WORK TO COMPLETE -
Return all the lines below, exactly as they read.

##############################

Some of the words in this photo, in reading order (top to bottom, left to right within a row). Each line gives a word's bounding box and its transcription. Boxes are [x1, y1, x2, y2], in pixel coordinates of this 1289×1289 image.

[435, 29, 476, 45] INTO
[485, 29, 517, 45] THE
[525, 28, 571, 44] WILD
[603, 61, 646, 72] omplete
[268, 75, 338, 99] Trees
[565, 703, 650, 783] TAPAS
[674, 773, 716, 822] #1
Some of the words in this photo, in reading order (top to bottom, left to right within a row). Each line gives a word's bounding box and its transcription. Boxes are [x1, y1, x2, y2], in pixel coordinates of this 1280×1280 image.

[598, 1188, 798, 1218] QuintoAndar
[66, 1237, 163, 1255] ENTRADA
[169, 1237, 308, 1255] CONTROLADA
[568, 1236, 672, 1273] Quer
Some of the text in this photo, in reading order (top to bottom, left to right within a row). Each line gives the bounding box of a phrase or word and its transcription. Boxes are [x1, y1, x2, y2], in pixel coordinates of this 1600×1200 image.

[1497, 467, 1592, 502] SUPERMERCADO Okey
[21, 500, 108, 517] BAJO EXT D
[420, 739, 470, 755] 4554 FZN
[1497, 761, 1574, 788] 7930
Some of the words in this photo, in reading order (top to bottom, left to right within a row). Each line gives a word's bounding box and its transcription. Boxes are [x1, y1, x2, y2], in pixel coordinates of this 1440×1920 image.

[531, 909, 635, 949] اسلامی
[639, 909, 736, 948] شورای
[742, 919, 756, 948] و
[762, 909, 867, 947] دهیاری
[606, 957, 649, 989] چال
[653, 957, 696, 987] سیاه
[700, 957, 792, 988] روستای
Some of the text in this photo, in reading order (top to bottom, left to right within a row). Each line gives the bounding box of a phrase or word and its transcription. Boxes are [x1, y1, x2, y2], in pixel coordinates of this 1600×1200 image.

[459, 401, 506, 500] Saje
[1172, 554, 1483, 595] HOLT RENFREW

##############################

OUTPUT OF THE EXERCISE -
Some of the words in this photo, in reading order (top to bottom, left to right within a row). Each line gives a word's bounding box and its transcription. Boxes are [x1, y1, x2, y2], in pixel coordinates of this 1289×1289 image.

[435, 29, 476, 45] INTO
[485, 29, 517, 45] THE
[525, 28, 571, 44] WILD
[603, 61, 646, 72] omplete
[268, 75, 338, 99] Trees
[565, 703, 650, 783] TAPAS
[674, 773, 716, 822] #1
Some of the words in this photo, in reading order (top to bottom, left to right within a row). Each line gives a word's bounding box and its transcription. Boxes are [x1, y1, x2, y2], in pixel coordinates of this 1280×1280 image.

[598, 1188, 798, 1218] QuintoAndar
[66, 1237, 163, 1255] ENTRADA
[169, 1237, 308, 1255] CONTROLADA
[568, 1236, 672, 1273] Quer
Some of the text in this photo, in reading order (top to bottom, left to right within a row). Each line gives the bounding box of a phrase or word and its transcription. Boxes are [x1, y1, x2, y2], in pixel coordinates of this 1600×1200 image.

[1497, 467, 1592, 502] SUPERMERCADO Okey
[21, 500, 108, 517] BAJO EXT D
[420, 739, 470, 755] 4554 FZN
[1497, 761, 1574, 788] 7930
Some of the words in this photo, in reading order (top to bottom, left to right within a row). Each line gives a word's bounding box and its transcription. Boxes are [x1, y1, x2, y2], in pixel coordinates of this 1440×1920 image.

[531, 909, 635, 949] اسلامی
[639, 909, 736, 948] شورای
[742, 919, 756, 948] و
[762, 909, 867, 947] دهیاری
[606, 957, 649, 989] چال
[653, 957, 696, 987] سیاه
[700, 957, 792, 988] روستای
Some of the text in this photo, in reading order (top to bottom, left to right within a row). Each line gives the bounding box of a phrase or word and its transcription. Boxes are [x1, y1, x2, y2], in pixel coordinates of this 1600×1200 image.

[459, 401, 506, 500] Saje
[1172, 554, 1483, 595] HOLT RENFREW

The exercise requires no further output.